Fotografie ist hier Ausschnitt aus dem endlosen Kontinuum von Bildern, die zu sehen wären. Die Horizontalität des Bildformats und die Gleichförmigkeit des Abgebildeten fordern uns dazu auf, diese Naturstrukturen weiter zu denken, ins Unendliche zu ergänzen. Durch das gewählte Format und die extreme Beschnittenheit des Gezeigten vermitteln diese Bilder Weite und Offenheit. Der Künstler sieht sie als «japanische Fenster». Ähnlich wie Ausblicke aus japanischen Teehäusern zeigen seine Aufnahmen Natur in einem präzis ausgewählten Ausschnitt. Die menschenleeren Ansichten scheinbar unberührter Natur strahlen eine grosse Ruhe aus. Was sich an den Wänden des Klinikum I als fast makellose Struktur präsentiert ist aber dennoch so in der Natur gesehen worden. Die Reduziertheit ergibt sich aus der Beschneidung des Gesehenen und der Pose, dem Anhalten der Zeit. So entziehen sich die Bilder einer genauen Analyse und weisen über den Ort des Geschehens hinaus. Wie das japanische Haiku verweisen sie gerade durch diese reduzierte Form direkt auf sinnliche Empfindungen und dadurch auf die ewige Frage nach dem Werden, Wachsen, Vergehen.
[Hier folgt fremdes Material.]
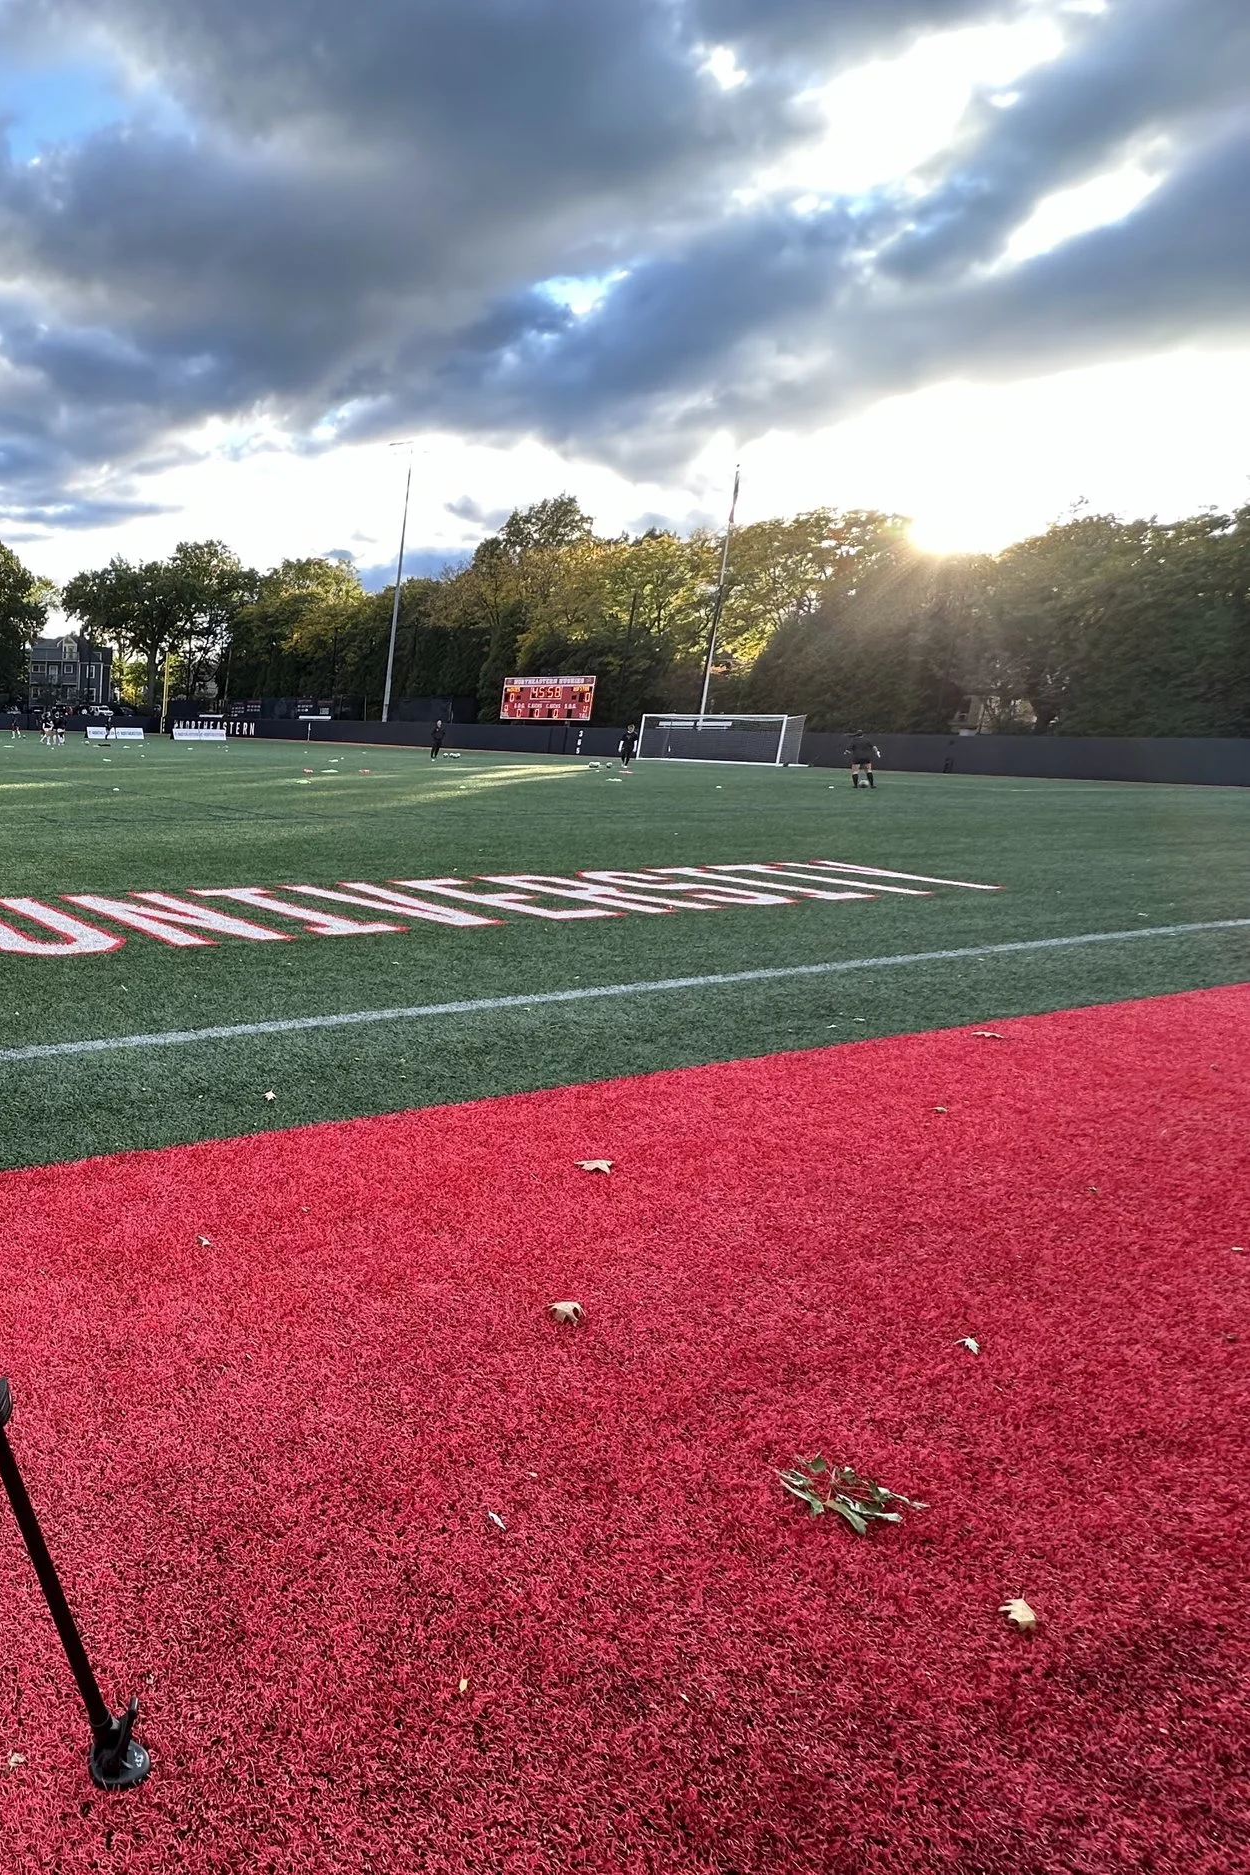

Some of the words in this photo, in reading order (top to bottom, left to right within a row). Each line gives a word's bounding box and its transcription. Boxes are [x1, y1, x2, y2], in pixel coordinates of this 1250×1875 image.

Die Bilder in den Korridoren des Klinikum I gewinnen mit steigender Geschosshöhe an Künstlichkeit und Volatilität. Bezüglich Farbigkeit, Textur und Lichtspiel sind die subtil komponierten Bildfolgen zwar bewegt, erfahren aber niemals eine Steigerung. Im Gegenteil: Von den Waldstrukturen über die Gräser und Wasserstrukturen bis hin zu den Ausschnitten des Himmels im obersten Geschoss verzeichnen wir in den Bildern immer weniger Bewegung, bis sie sich sozusagen ins Ätherische auflösen.